The contribution of the Irish soldier to the British Army during the Peninsula campaign 1808 – 1814

  • James Deery
Keywords: Peninsula Campaign, Irish, Irish Soldier, British Army, Napoleonic Wars, Spain, Portugal


The majority of the historiography concerning the Irish contribution to the British army during their campaign on the Iberian Peninsula (1808 -1814) has focused on the Irish regiments and their service with Wellington in Portugal, Spain and France. While the significance of research into these regiments is undeniable it has unintentionally resulted in an under appreciation of the true extent of the Irish soldier’s contribution. The purpose of this paper is to add to the existing historiography by examining the wider Irish contribution in order to arrive at an empirical based assessment as to the criticality of the Irish soldier to Wellington’s victory during the Peninsula war. 

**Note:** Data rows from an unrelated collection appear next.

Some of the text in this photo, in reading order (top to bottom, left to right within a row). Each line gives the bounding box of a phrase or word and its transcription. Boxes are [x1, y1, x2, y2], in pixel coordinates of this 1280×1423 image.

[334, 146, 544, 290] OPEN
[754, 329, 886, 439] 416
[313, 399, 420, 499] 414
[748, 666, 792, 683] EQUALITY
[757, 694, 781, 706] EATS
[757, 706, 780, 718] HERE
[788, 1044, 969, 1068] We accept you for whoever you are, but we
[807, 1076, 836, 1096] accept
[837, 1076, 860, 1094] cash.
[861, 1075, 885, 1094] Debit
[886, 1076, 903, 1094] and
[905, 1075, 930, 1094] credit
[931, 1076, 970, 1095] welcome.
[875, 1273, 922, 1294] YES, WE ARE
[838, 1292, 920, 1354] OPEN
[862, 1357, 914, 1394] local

The majority of Irish soldiers who served in the Peninsula did so in English and Scottish infantry regiments. Their abilities and crucially their integration into the British army were key success factors for Wellington during the Peninsula campaign. An examination of how this was achieved forms a key part of this paper which finds that the capabilities of the Irish soldier and the British army organisational structure and system mutually supported each other. Furthermore, the Irish officer’s contribution has only been assessed based on individual accounts and narratives in the absence of any in-depth evaluation of their actual numbers. With over 30 per cent of Wellington’s officers being Irish an analysis of their levels of command was undertaken to demonstrate their significance to the overall conduct and operation of the Peninsula army. To fully understand the Irish soldier’s contribution an assessment of their combat effectiveness building on the preceding quantitative findings and utilising modern concepts of combat motivation and behaviours was undertaken.

The findings indicate that while the Irish soldier’s contribution was much wider and central to victory in 1814 than is generally appreciated or understood, the British army of the period recognised its importance and, despite popular misperceptions, did not at an institutional level seek to discriminate against the Irish soldier. The paper concludes that Irish soldiers were of critical importance to British victory not only in terms of their numbers but also due to their successful integration into the wider British army outside of Irish regiments, their presence in large numbers at all levels of command and their overall combat effectiveness. Without this contribution it can be argued that British victory would not have been achieved in the Peninsula.